Jake Lorenzo

From the Library, July 2008        

In the late 1960s, the first California varietal wines to grace this detective’s palate came from the new Robert Mondavi Winery in Oakville. I had no idea where Oakville was since I was often mired in my daily commute from Santa Monica to East Los Angeles where I was teaching Hispanic kids to read in English. Teaching got me into drinking, and drinking led me to the wine business.

By 1977, Jake Lorenzo had moved, with his family in tow, to California Wine Country. It was certainly one of the best life decisions I have ever made. In my 30 years’ working in the wine business, I never passed an evening with Robert Mondavi. I shook his hand a couple of times, had a couple of superficial conversations and in the very early days spent many a delightful evening listening to the superb music at his summer concerts.

He was a big man, tall with a booming voice and an enthusiasm that matched, but more than anything Mondavi was a salesman and a dreamer. His dream was to sell a pile of California wine, and his pitch was to take on the established, great wines of the world and challenge them “mano a mano” with his upstart varietals.

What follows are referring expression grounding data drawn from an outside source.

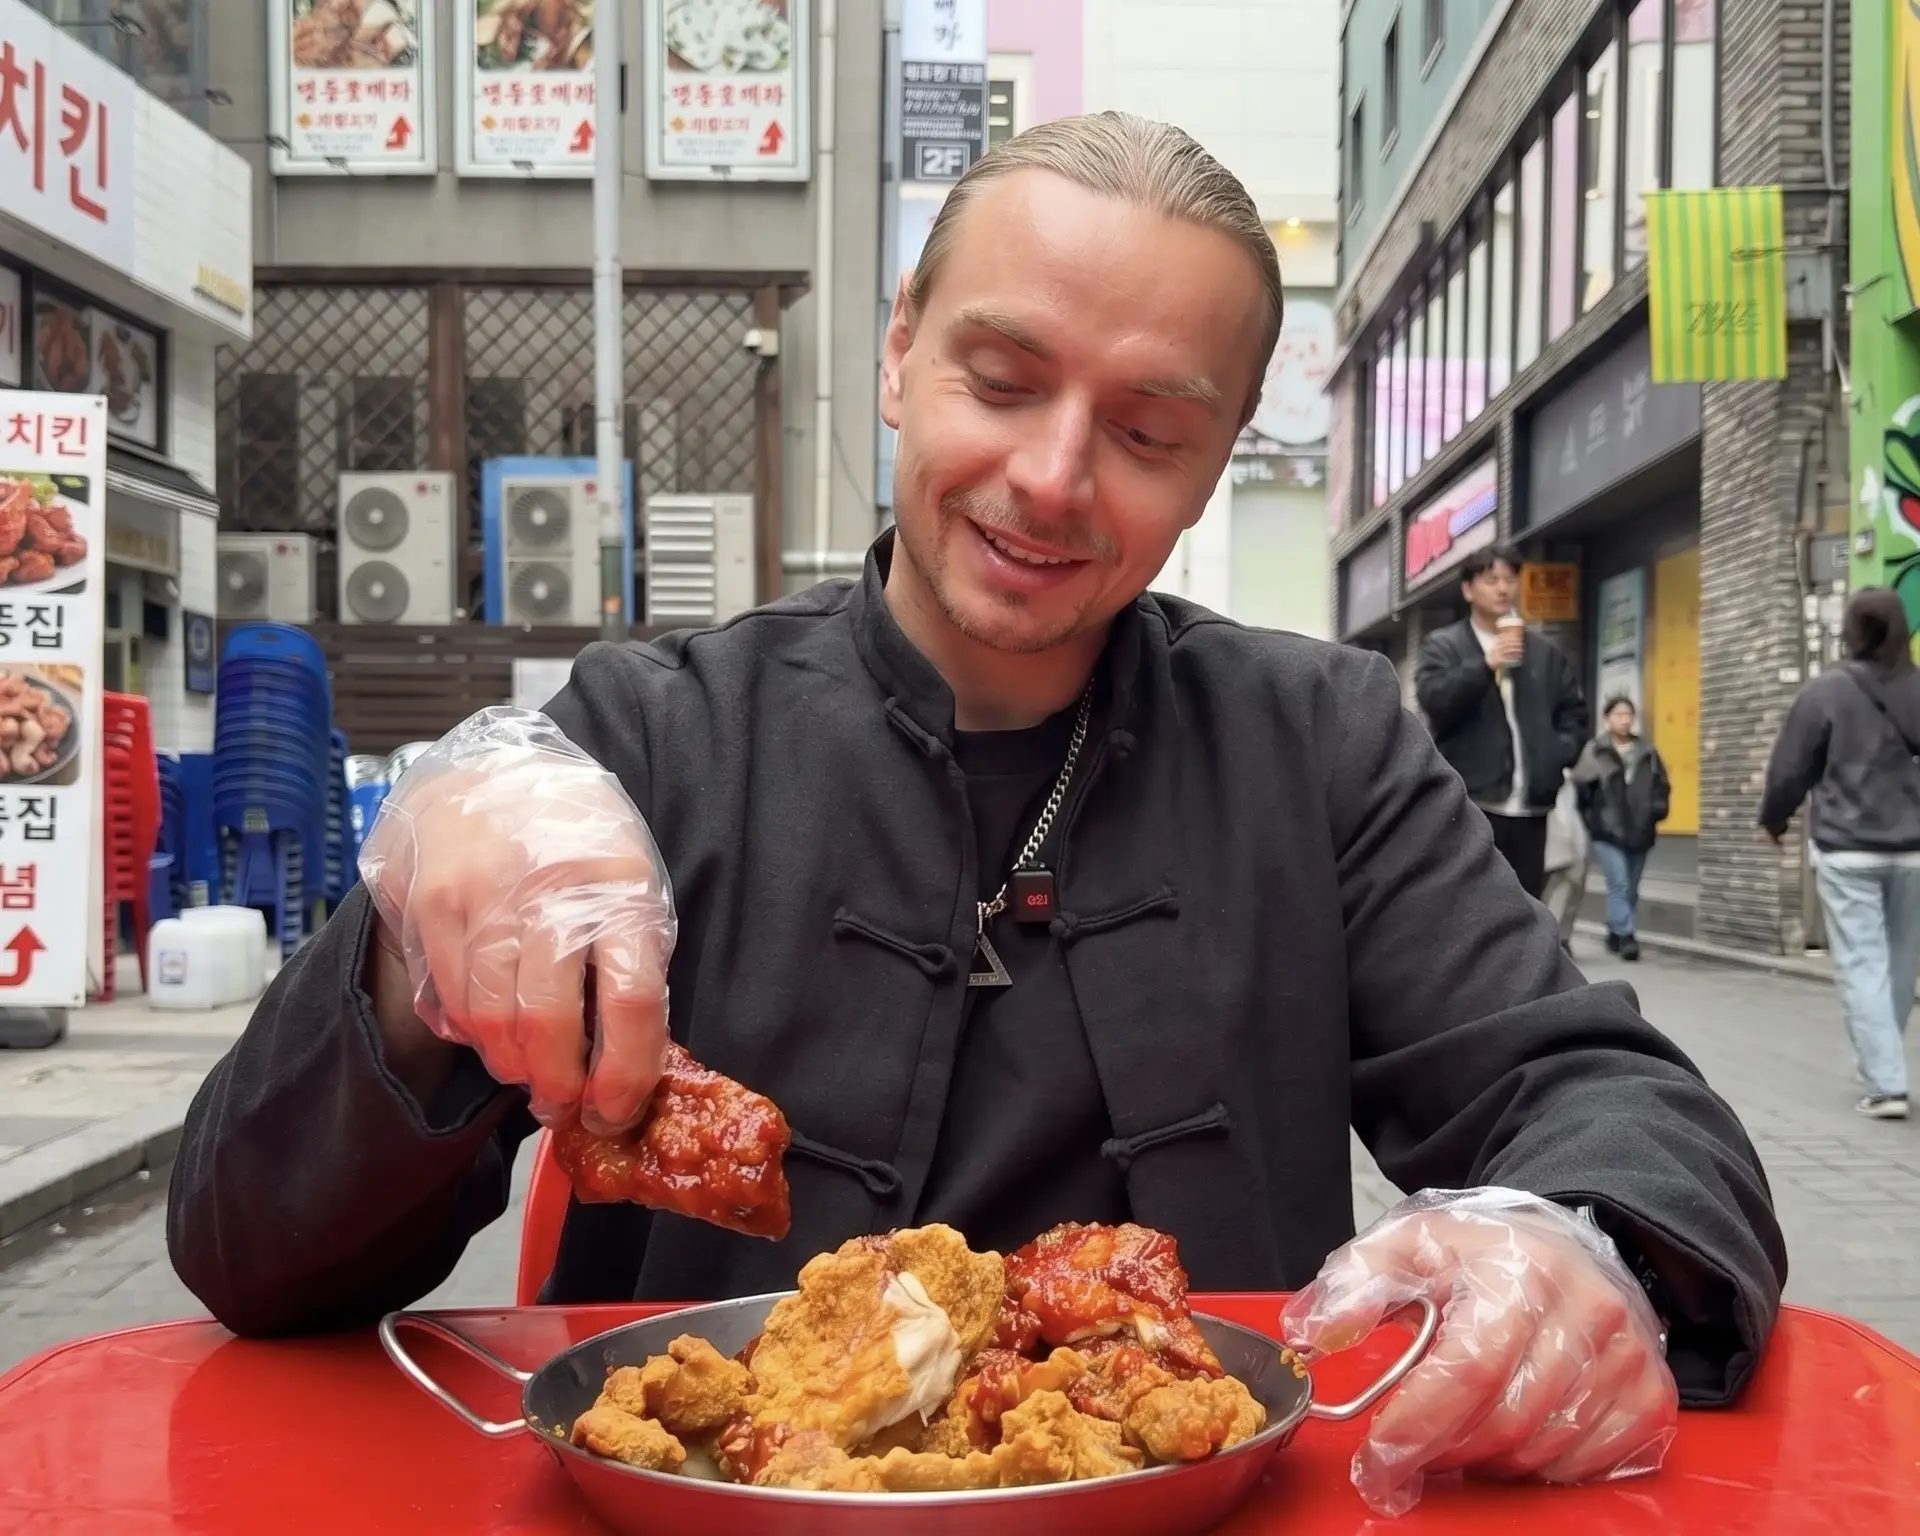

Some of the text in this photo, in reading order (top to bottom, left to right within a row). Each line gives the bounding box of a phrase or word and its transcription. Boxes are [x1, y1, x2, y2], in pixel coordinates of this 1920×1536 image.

[922, 148, 964, 175] 2F
[7, 412, 87, 457] 치킨
[0, 795, 57, 841] 집
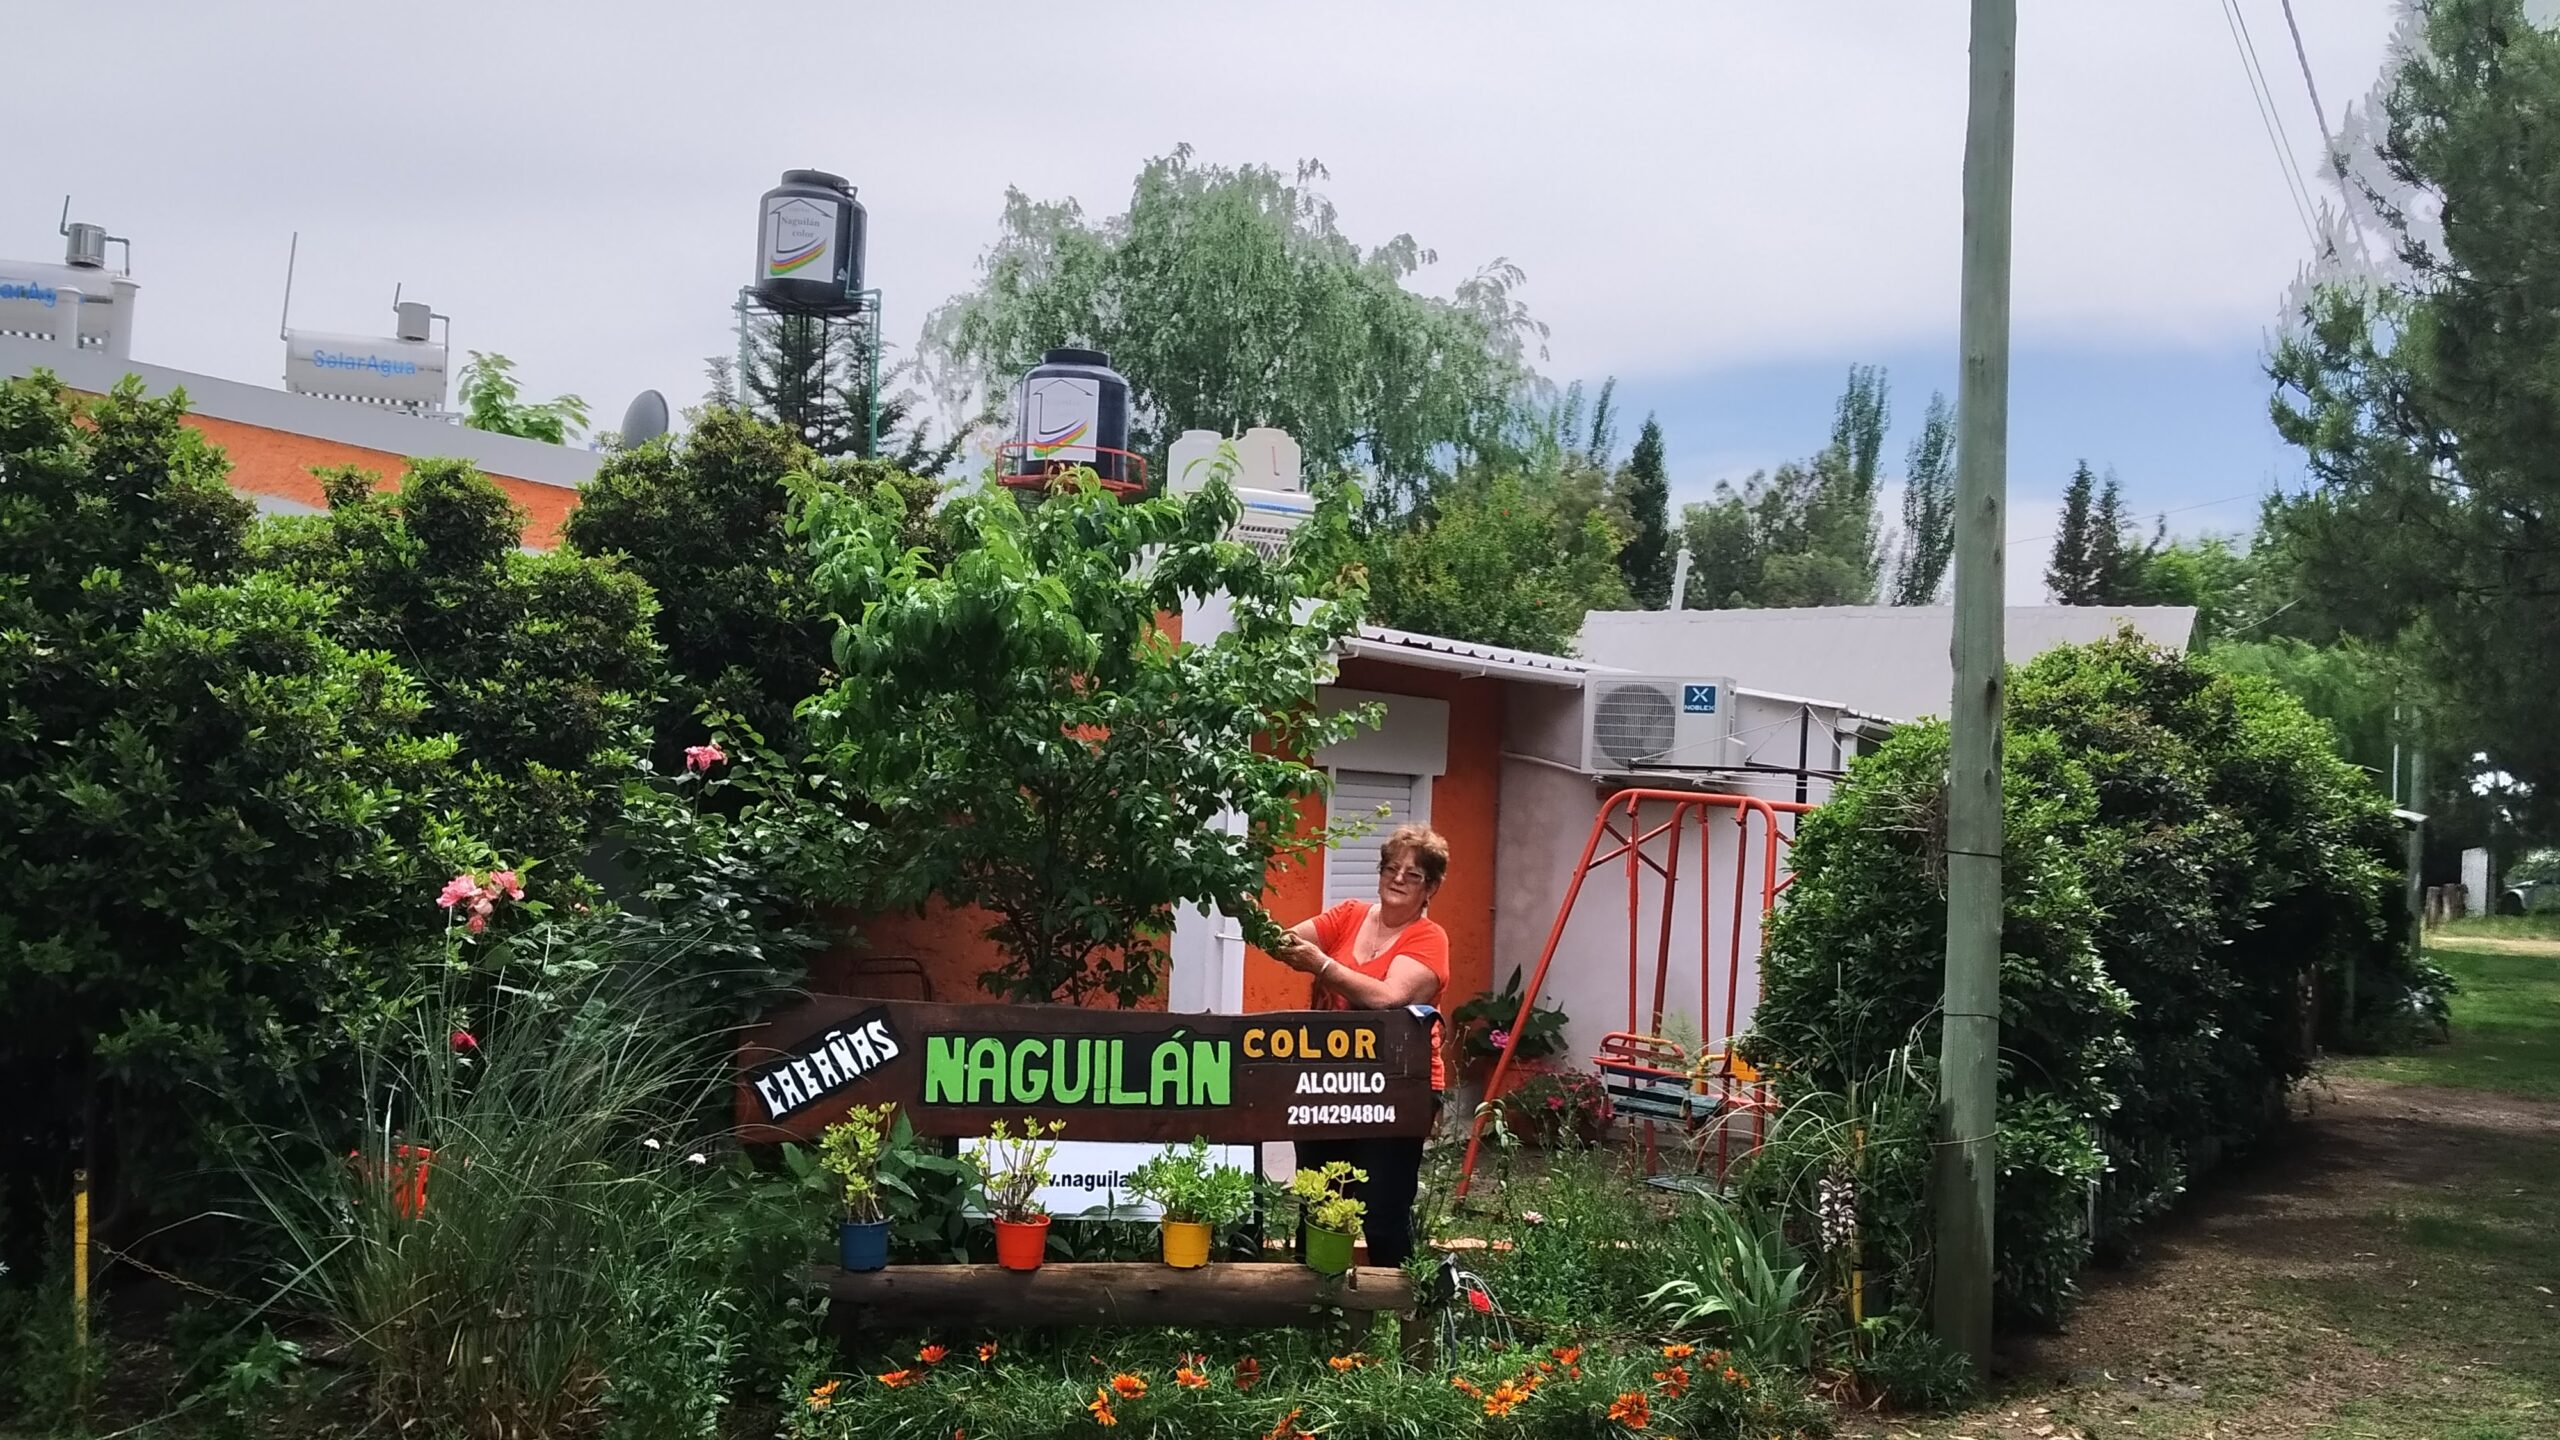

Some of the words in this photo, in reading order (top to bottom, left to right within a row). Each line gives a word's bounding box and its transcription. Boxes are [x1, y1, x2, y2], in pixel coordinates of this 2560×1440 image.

[312, 349, 417, 378] SolarAgua
[755, 1019, 899, 1120] CABAÑAS
[925, 1030, 1231, 1105] NAGUILÁN
[1243, 1025, 1377, 1059] COLOR
[1295, 1071, 1386, 1094] ALQUILO
[1287, 1104, 1396, 1125] 2914294804
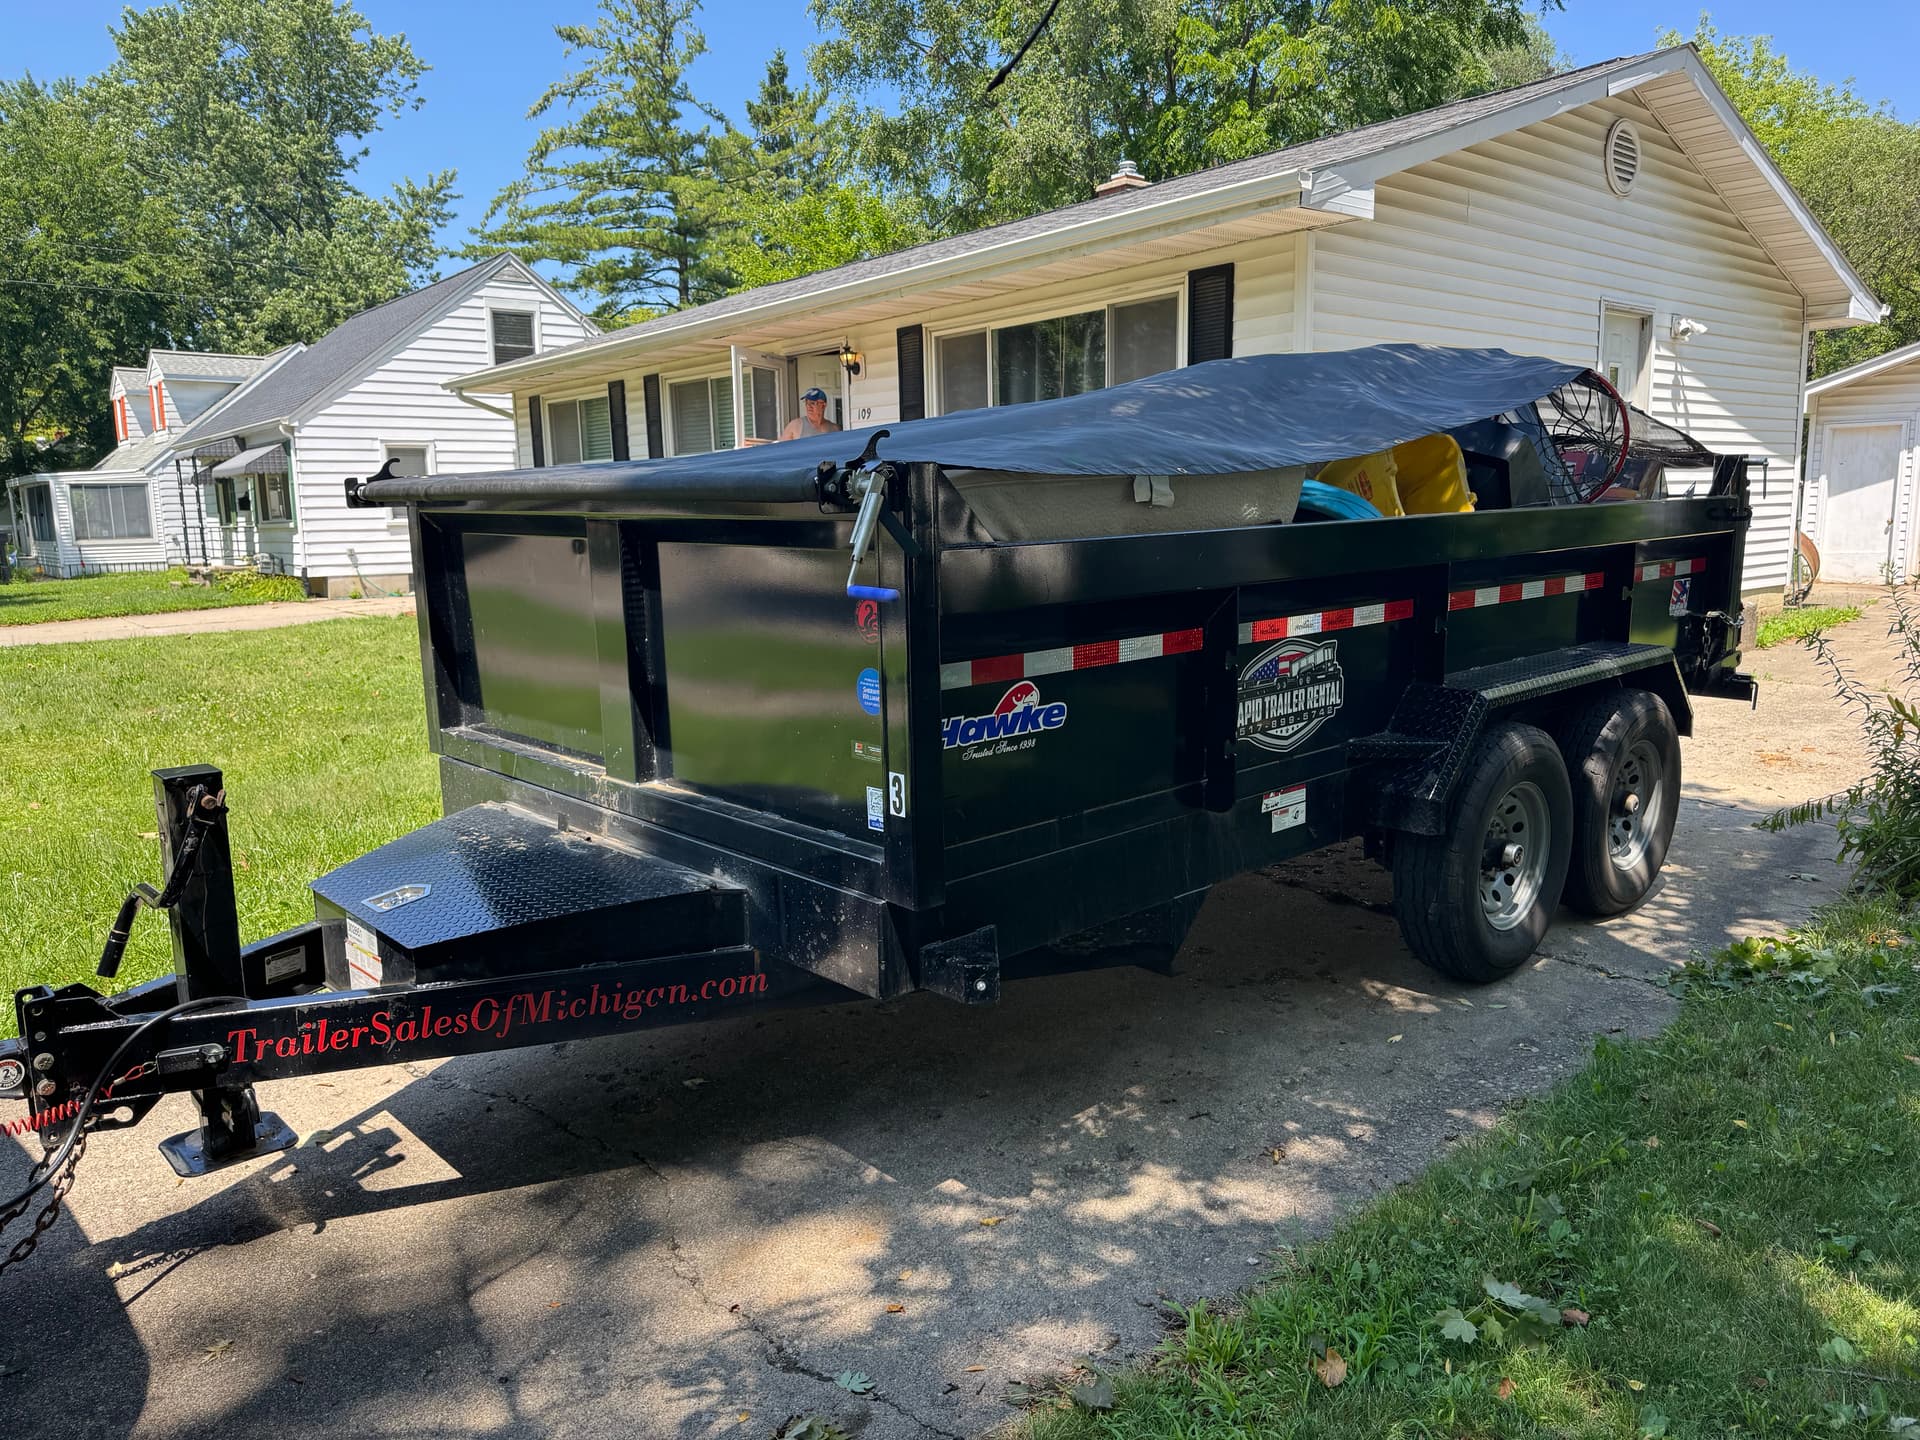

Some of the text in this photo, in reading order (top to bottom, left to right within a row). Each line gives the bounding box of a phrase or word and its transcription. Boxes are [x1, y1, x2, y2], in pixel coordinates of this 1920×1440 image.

Robert Mondavi would march into the greatest restaurants in the world. He would plunk his bottles down on the table, order some of the famous First Growths off the list and insist that his guests taste the wines side by side, knowing that just having his bottles on the same table as the great wines of France lent them an air of legitimacy. He would smile his snake-oil grin and concede, “We’re not there yet, but some day soon our California wines will be as good as theirs.” Then he would pay the bill, tip large and move to the next grand restaurant to repeat the show.

Mondavi was our ambassador to the wine world. He pushed his winemakers to compete with the finest wines of the world because he knew that was where the money was. He was imaginative, insistent, clever and decidedly American in his brash, trash-talking challenge of the established icons of wine. His surprising legacy is that he not only convinced the French and Europeans that California could compete with them, he convinced us that our wine was as good as theirs.

Every California winemaker will be forever indebted to Robert Mondavi because he took the high road in trying to sell his upstart wines, and that high road was to dedicate his efforts to quality.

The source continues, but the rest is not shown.